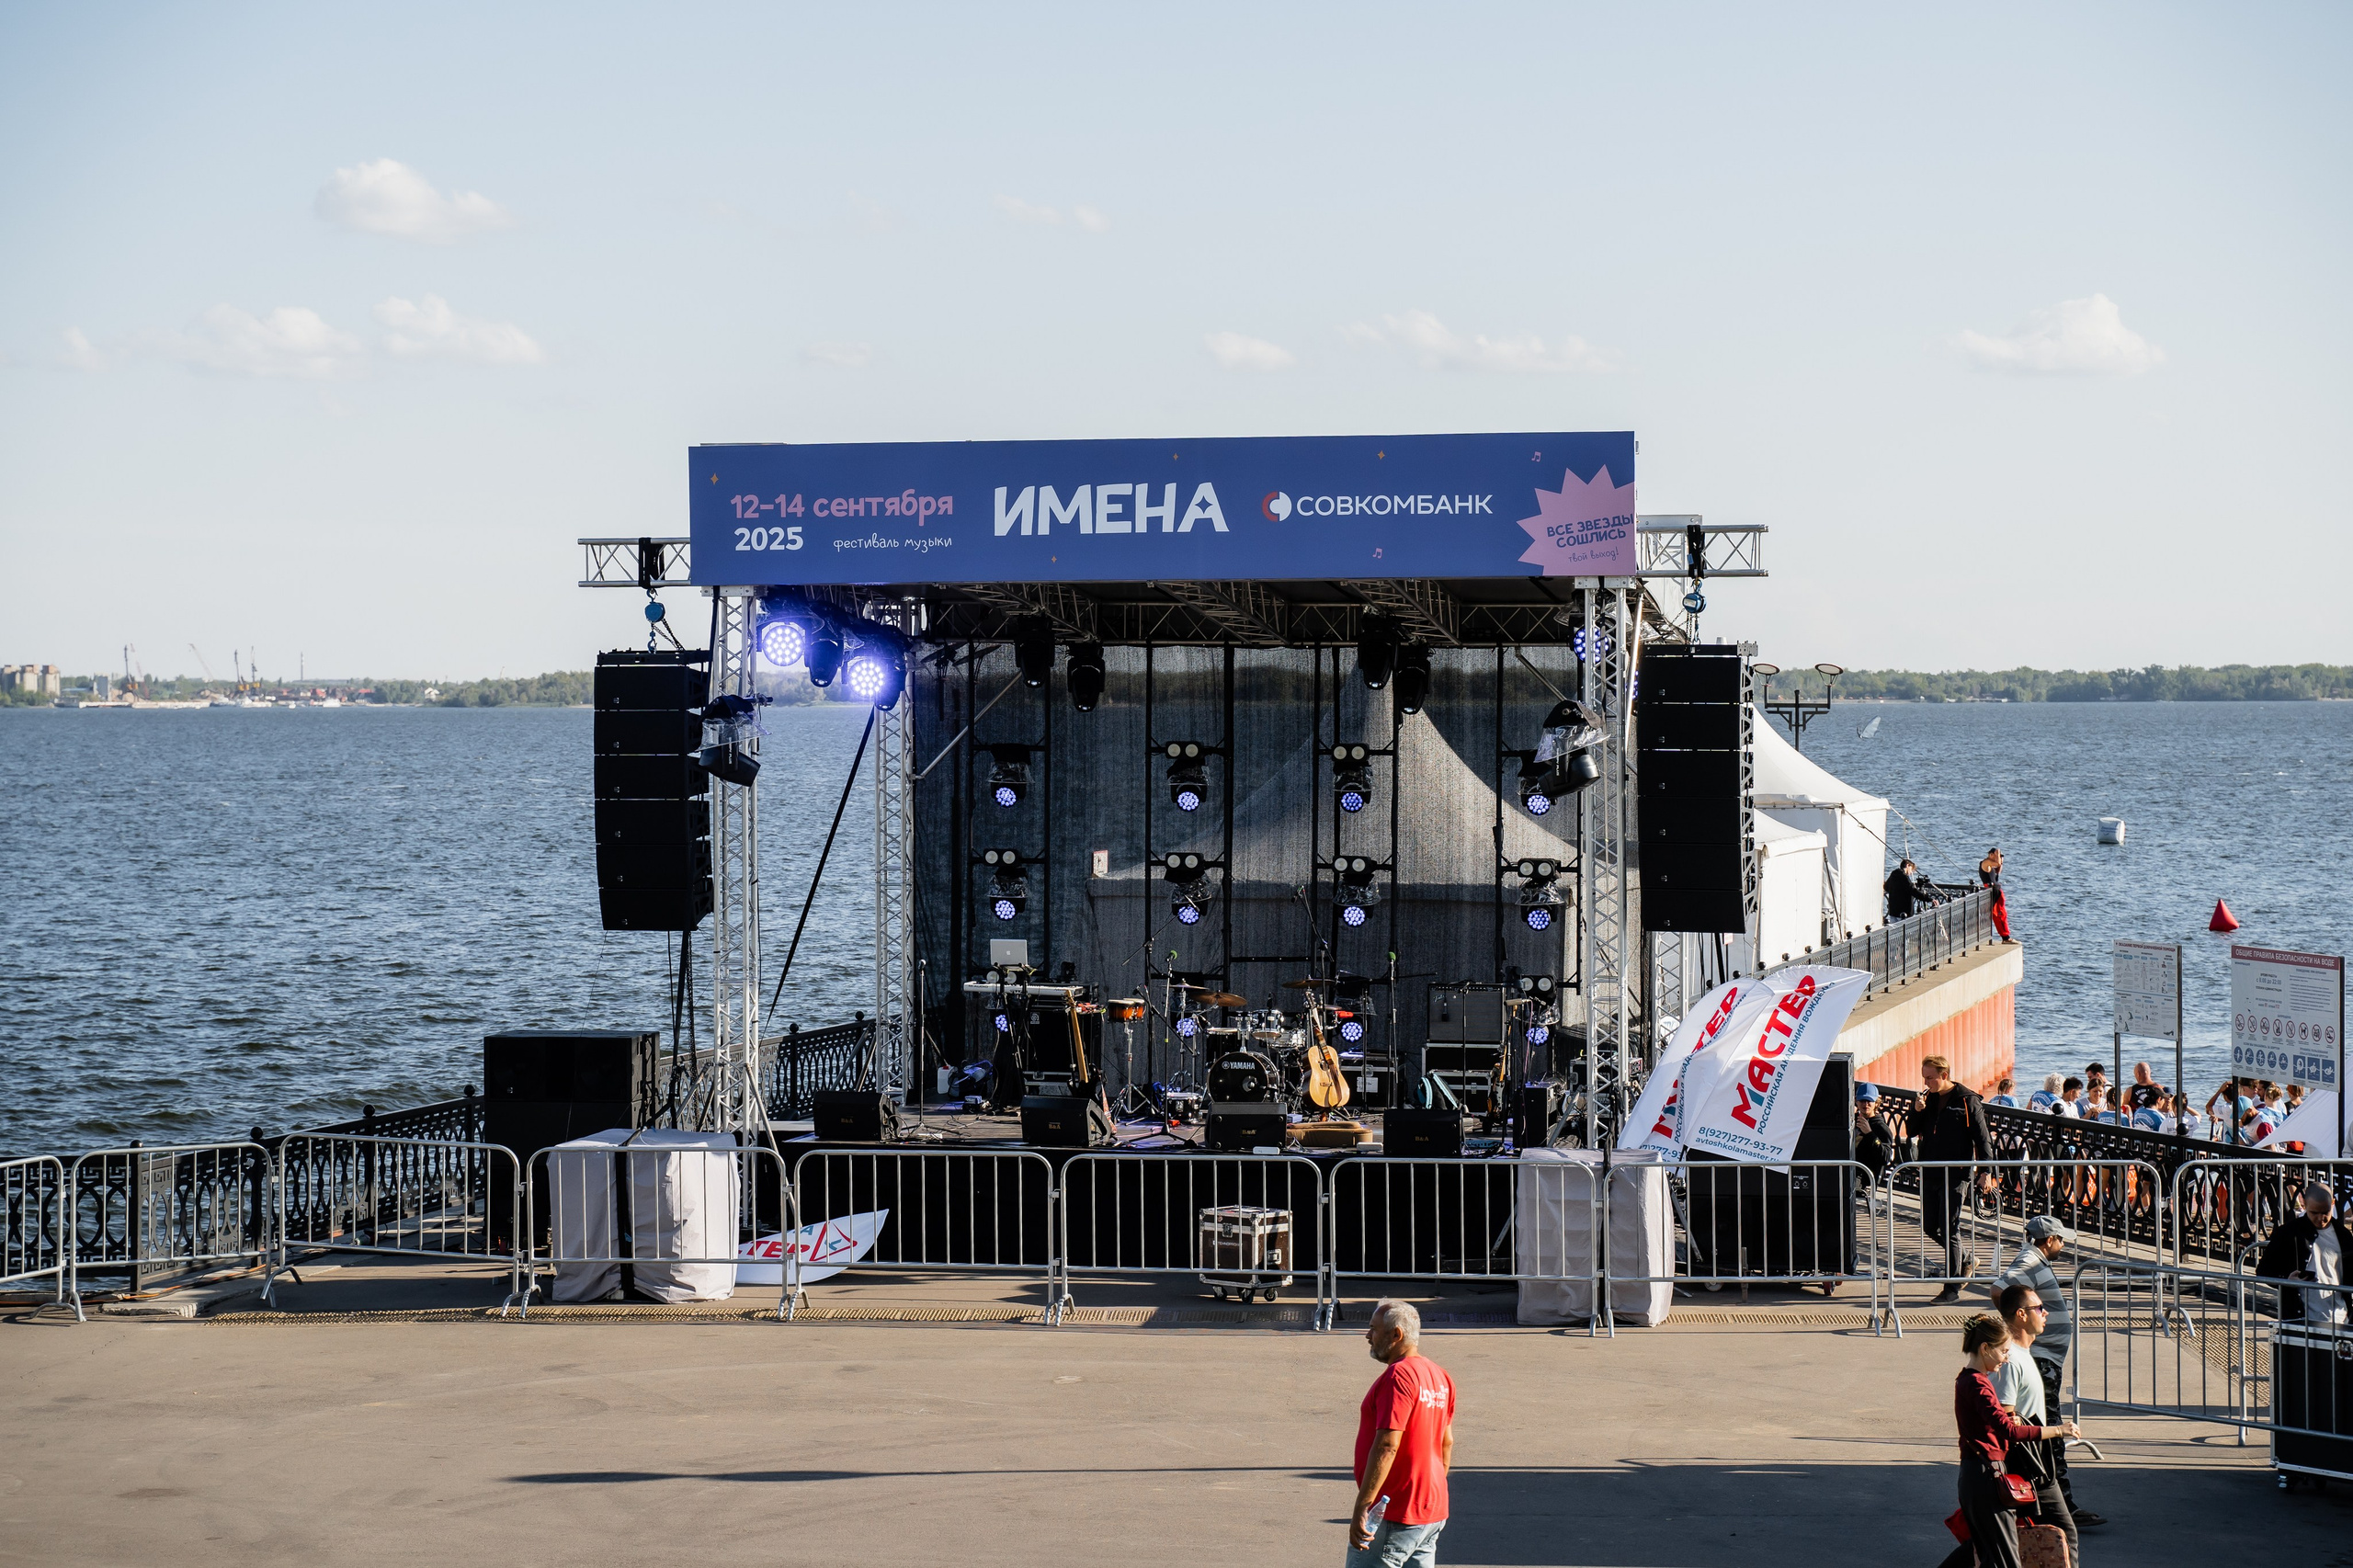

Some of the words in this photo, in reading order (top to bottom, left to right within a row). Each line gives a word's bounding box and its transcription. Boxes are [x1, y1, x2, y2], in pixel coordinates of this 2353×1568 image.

[813, 488, 953, 526] сентября
[994, 482, 1229, 536] ИМЕНА
[1296, 494, 1494, 517] СОВКОМБАНК
[1547, 523, 1574, 537] ВСЕ
[1577, 514, 1634, 532] ЗВЕЗДЫ
[734, 527, 803, 551] 2025
[833, 533, 900, 551] фестиваль
[904, 536, 953, 553] музыки
[1556, 528, 1627, 548] СОШЛИСЬ
[1568, 552, 1588, 562] твой
[1590, 547, 1620, 561] выход!
[2235, 949, 2253, 958] ОБЩИЕ
[2253, 950, 2275, 960] ПРАВИЛА
[2275, 953, 2313, 964] БЕЗОПАСНОСТИ
[2313, 957, 2321, 965] НА
[2321, 959, 2335, 967] ВОДЕ
[1731, 974, 1816, 1130] МАСТЕР
[1230, 1062, 1256, 1070] YAMAHA
[1756, 1072, 1784, 1135] РОССИЙСКАЯ
[1782, 1023, 1806, 1073] АКАДЕМИЯ
[1699, 1126, 1784, 1155] 8(927)277-93-77
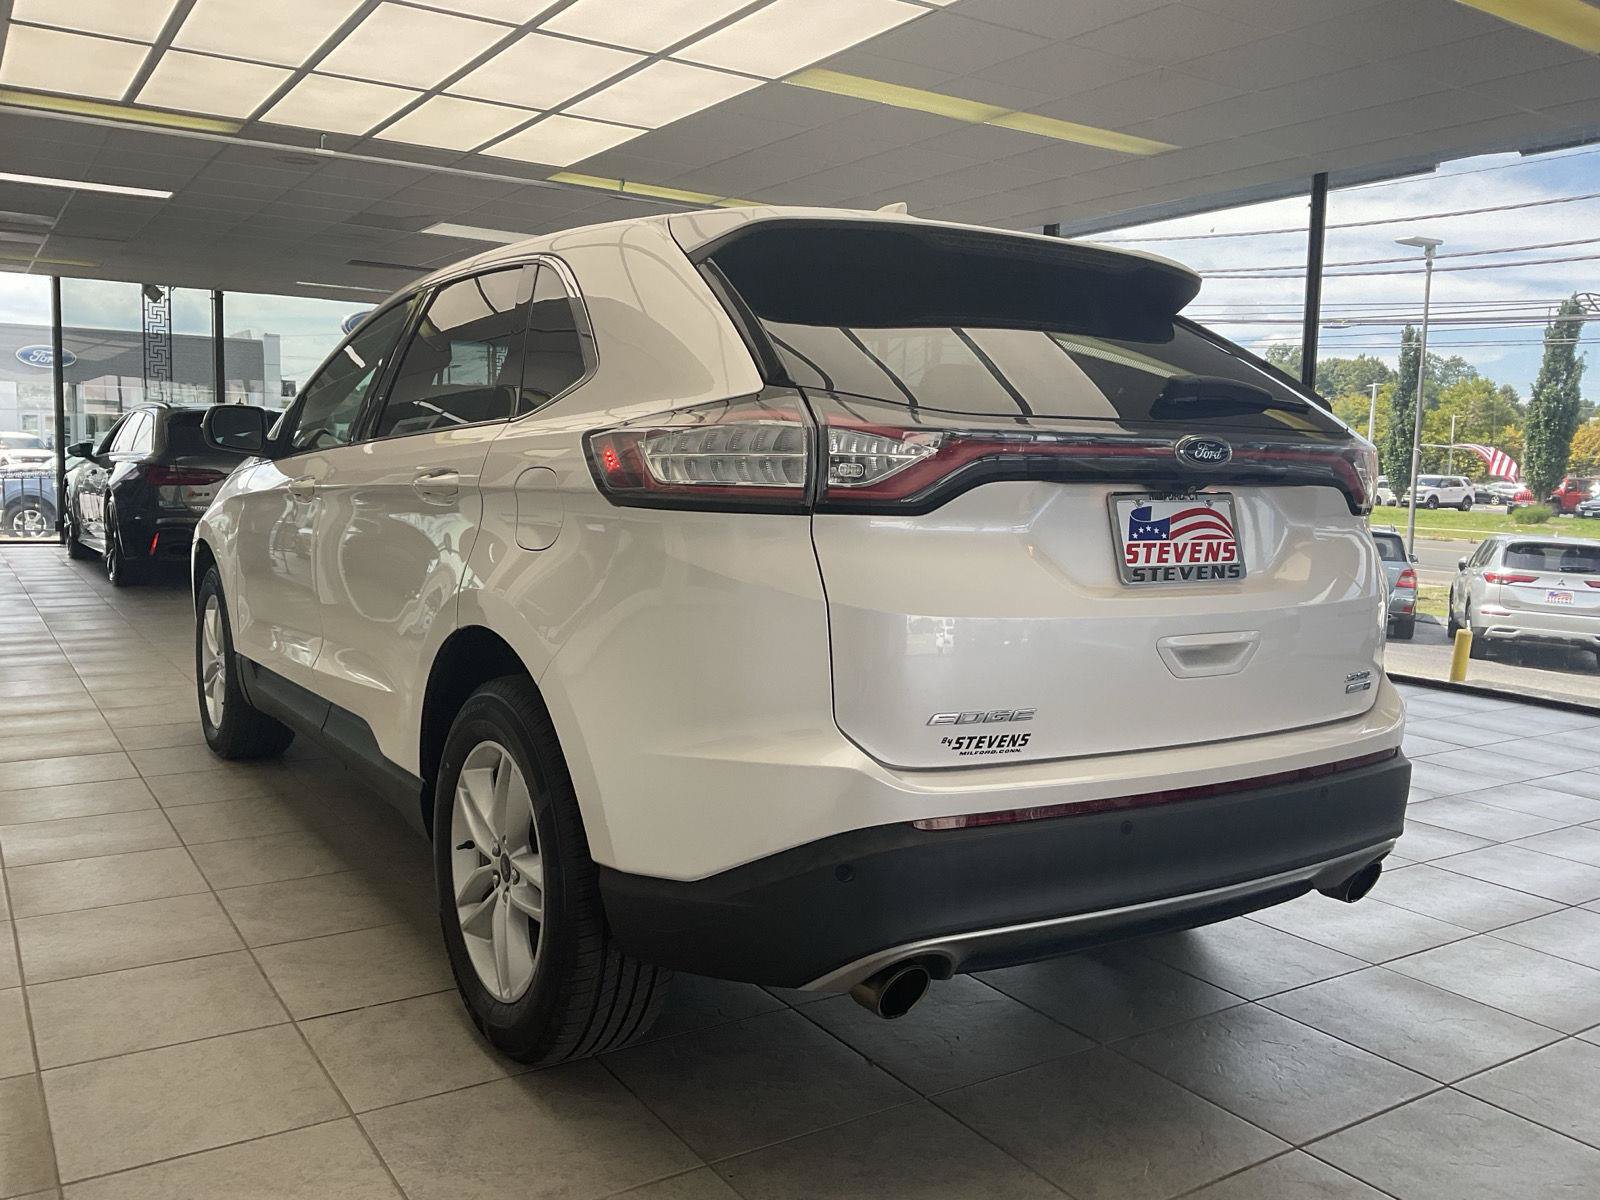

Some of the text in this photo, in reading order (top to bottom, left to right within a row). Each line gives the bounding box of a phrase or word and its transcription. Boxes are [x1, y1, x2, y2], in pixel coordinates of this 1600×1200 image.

┄┄┄┄┄┄

Problem to work on ▸ Please print all the data above word for word. Pictures should not appear in the copy.

Solution to this problem ▸
Some of the words in this photo, in reading order (top to bottom, left to right within a row). Each line gives a word's bounding box and its transcription. Boxes are [x1, y1, x2, y2], in pixel coordinates of this 2353×1568 image.

[813, 488, 953, 526] сентября
[994, 482, 1229, 536] ИМЕНА
[1296, 494, 1494, 517] СОВКОМБАНК
[1547, 523, 1574, 537] ВСЕ
[1577, 514, 1634, 532] ЗВЕЗДЫ
[734, 527, 803, 551] 2025
[833, 533, 900, 551] фестиваль
[904, 536, 953, 553] музыки
[1556, 528, 1627, 548] СОШЛИСЬ
[1568, 552, 1588, 562] твой
[1590, 547, 1620, 561] выход!
[2235, 949, 2253, 958] ОБЩИЕ
[2253, 950, 2275, 960] ПРАВИЛА
[2275, 953, 2313, 964] БЕЗОПАСНОСТИ
[2313, 957, 2321, 965] НА
[2321, 959, 2335, 967] ВОДЕ
[1731, 974, 1816, 1130] МАСТЕР
[1230, 1062, 1256, 1070] YAMAHA
[1756, 1072, 1784, 1135] РОССИЙСКАЯ
[1782, 1023, 1806, 1073] АКАДЕМИЯ
[1699, 1126, 1784, 1155] 8(927)277-93-77

Some of the text in this photo, in reading order (top to bottom, left to right within a row). Each line gives the bounding box of a phrase or word and its transcription. Boxes are [x1, y1, x2, y2], in pixel coordinates of this 1600×1200 image.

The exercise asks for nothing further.